Regardless of whether you are designing the site yourself or hiring a professional, you need to participate in design decisions. A well-designed site will have consistent colors, fonts, imagery, and tone. It will also be easy to navigate and function without a glitch.
I said in the first blog post of this series (Craft Your Message) that the StoryBrand mantra is “if you confuse, you’ll lose.” As much as that applies to your copy, it also applies to your design. A well-designed site should be not only beautiful but also functional. Follow the checklist below to ensure you design a gorgeous and functional site.
7-Point Checklist for a Functional Website
1. Create your site map
A sitemap is a schematic of how your site is organized. Some websites have dozens of pages and subpages, with extremely complex site maps. Most small businesses have no need for such complexity. I recommend keeping your number of pages to a minimum.

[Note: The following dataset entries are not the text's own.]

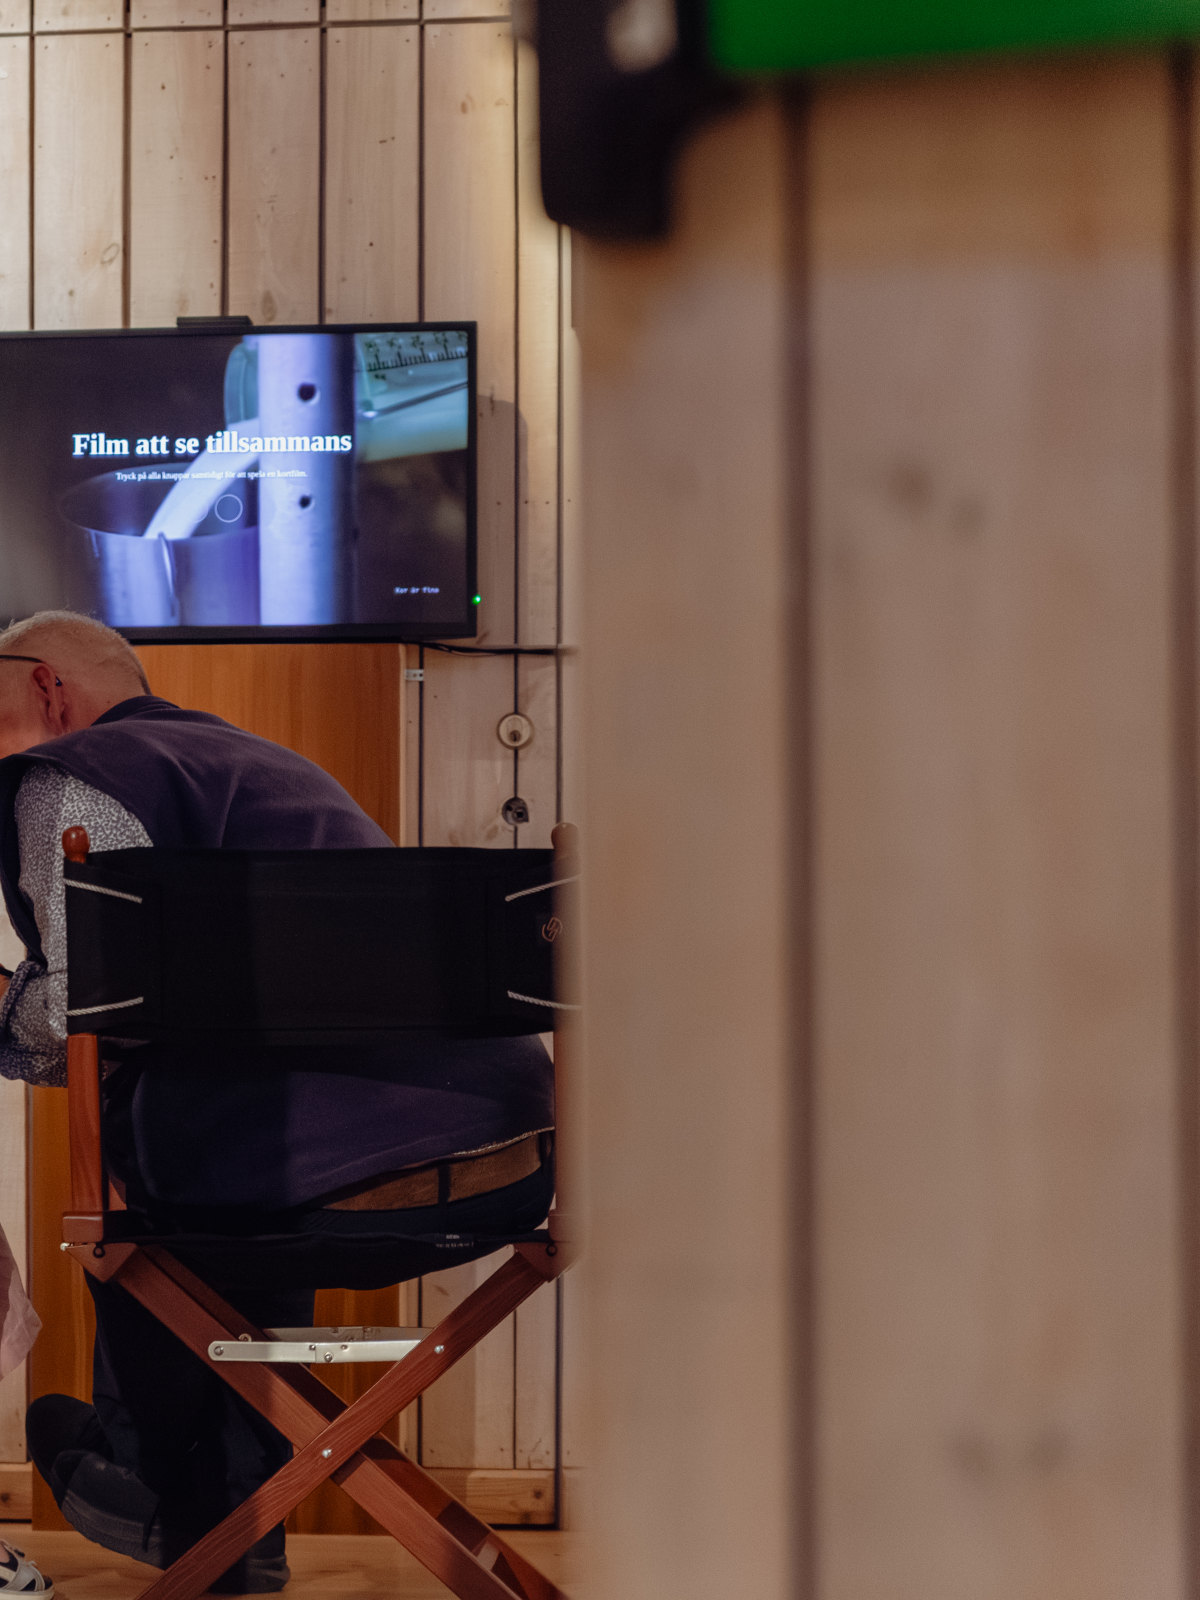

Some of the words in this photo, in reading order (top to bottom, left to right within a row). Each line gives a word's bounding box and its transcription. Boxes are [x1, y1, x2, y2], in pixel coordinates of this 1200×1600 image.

[72, 433, 130, 456] Film
[136, 436, 170, 454] att
[175, 437, 200, 454] se
[206, 431, 352, 453] tillsammans
[116, 472, 136, 481] Tryck
[138, 472, 147, 481] på
[148, 472, 161, 480] alla
[162, 472, 190, 481] knappar
[191, 471, 224, 480] samtidigt
[248, 471, 266, 480] spela
[394, 586, 408, 594] Kor
[410, 586, 420, 594] är
[422, 586, 440, 594] fina

Make a list of the pages you need on your site and then draw out how they connect. A sitemap can be as simple as a homepage, about page, services page, and contact page. If you need additional pages—like a blog, shop, or patient portal—sketch those into your sitemap as well.
2. Have your logo ready
If you don’t have a logo, there are several ways to go about getting one. You can find an online tool to design your own logo, you can hire a freelancer through a service like Fiverr, or you can hire a graphic designer directly.
The benefit of hiring somebody to design your logo is that they will know all of the various formats and versions that you will need to build your website. You’ll want to have a standard horizontal version and may also want to have a vertical or square version. You’ll want to have one with a solid background as well as a transparent background. If you have a tagline for your business, you’ll want one logo with and another without your tagline. Lastly, you’ll need to have a favicon, which is the small icon that will appear in the browser tab when somebody visits your site.
3. Choose your colors
Start with the colors in your logo. You might have 2-3 colors in your logo, which will be important colors to repeat throughout your site. You’ll also want to decide what color font to use for the body text on your site. This is usually either black or dark gray so it’s easy to read.

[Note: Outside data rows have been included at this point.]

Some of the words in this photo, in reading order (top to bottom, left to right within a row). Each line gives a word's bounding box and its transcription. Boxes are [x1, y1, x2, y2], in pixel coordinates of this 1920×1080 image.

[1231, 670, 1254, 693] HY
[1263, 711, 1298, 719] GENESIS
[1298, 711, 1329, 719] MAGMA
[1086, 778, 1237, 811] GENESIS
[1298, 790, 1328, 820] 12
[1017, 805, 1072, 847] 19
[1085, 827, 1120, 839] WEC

In addition to your logo colors and text color, you may want 1-2 additional colors that you can use as accents throughout your site. One way to come up with these is to use a tool that generates color schemes, like Coolers. If you have an image that you know you want on your site, you can load it to Canva Color Generator to pull out colors from that image.
4. Choose your fonts
There are two main font types to choose for your website: Header font and body font. Choose your fonts from Google Fonts. If you want to see some examples of type fonts that pair well together, check out this blog on Creative Bloq.
5. Create a library of images
The images you use on your site set the tone and the feeling of your site. Even if you have hired a professional web designer to build your site, it is helpful for you to give some examples of images you like. Search through iStock, where you can save images to a “board” and share with your web designer. Or search for free stock photos through Unsplash or Pexels.
6. Have your website wireframe ready
A website wireframe is a rough sketch of what you want your home page to look like. If you went through the process described in step 1 of this series (Craft Your Message), you already have a solid BrandScript and StoryBranded copy for your website. Take a big sheet of paper and sketch out how those words will fit on the site and where your images will go. That’s your wireframe to follow when starting to build your site.
7. Start building!
Once you have your sitemap, logo, colors, fonts, images, and wireframe, it’s time to build! That exact process will depend on the website builder you chose and whether you have hired a professional or decided to do it yourself.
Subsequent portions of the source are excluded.